____ Input records
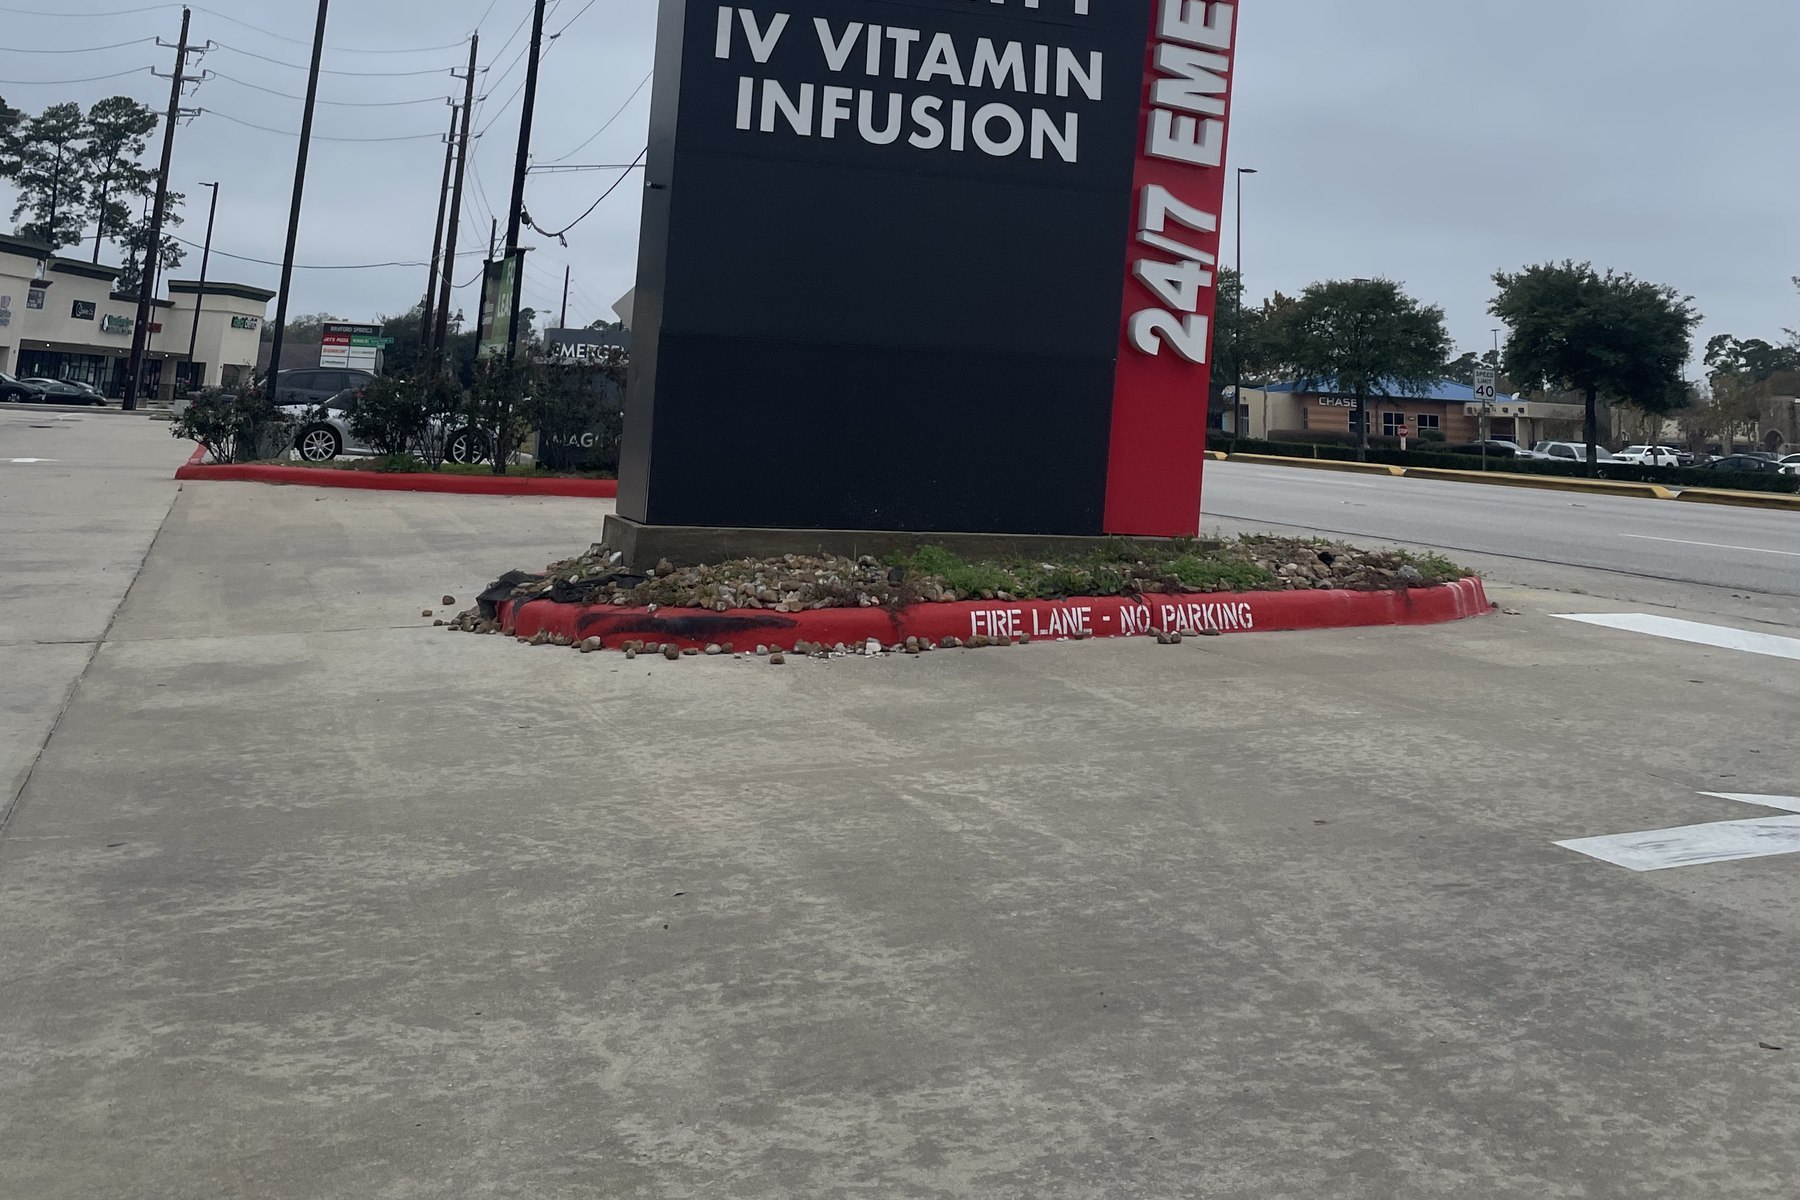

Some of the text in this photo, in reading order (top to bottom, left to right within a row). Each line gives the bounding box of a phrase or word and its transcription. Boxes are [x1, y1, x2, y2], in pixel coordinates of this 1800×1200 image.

[714, 5, 1103, 101] IV VITAMIN
[735, 76, 1079, 163] INFUSION
[1127, 182, 1218, 365] 24/7
[1318, 396, 1358, 408] CHASE
[1475, 385, 1494, 397] 40
[970, 608, 1023, 638] FIRE
[1032, 606, 1092, 637] LANE
[1120, 604, 1151, 634] NO
[1162, 601, 1254, 632] PARKING
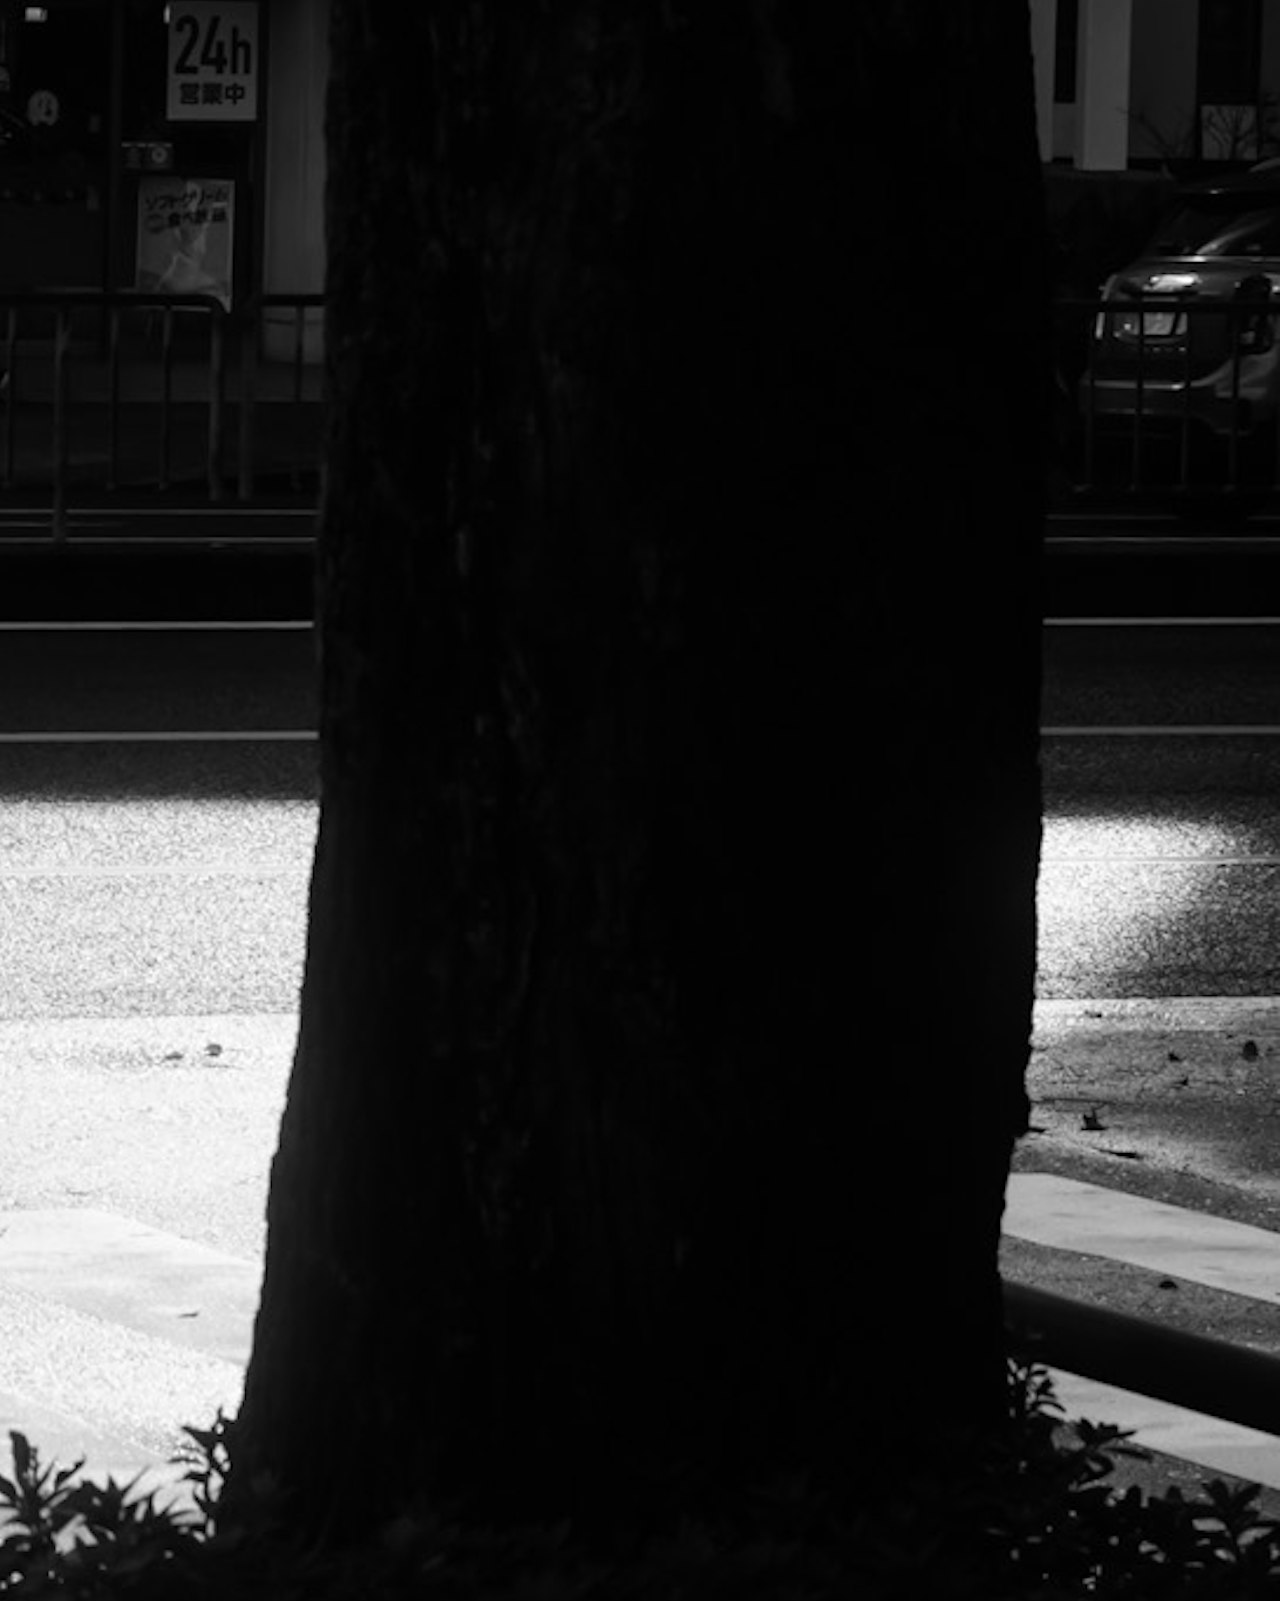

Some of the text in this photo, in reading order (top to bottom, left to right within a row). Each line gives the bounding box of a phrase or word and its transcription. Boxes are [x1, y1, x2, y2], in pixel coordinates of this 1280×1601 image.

[174, 14, 252, 75] 24h
[178, 82, 246, 106] 営業中
________
■ Exercise instructions: Every line from the line containing "this 1280×1601 image." to the last line of the material above must be repeated exactly, and no other line.

■ Exercise response:
Some of the text in this photo, in reading order (top to bottom, left to right within a row). Each line gives the bounding box of a phrase or word and its transcription. Boxes are [x1, y1, x2, y2], in pixel coordinates of this 1280×1601 image.

[174, 14, 252, 75] 24h
[178, 82, 246, 106] 営業中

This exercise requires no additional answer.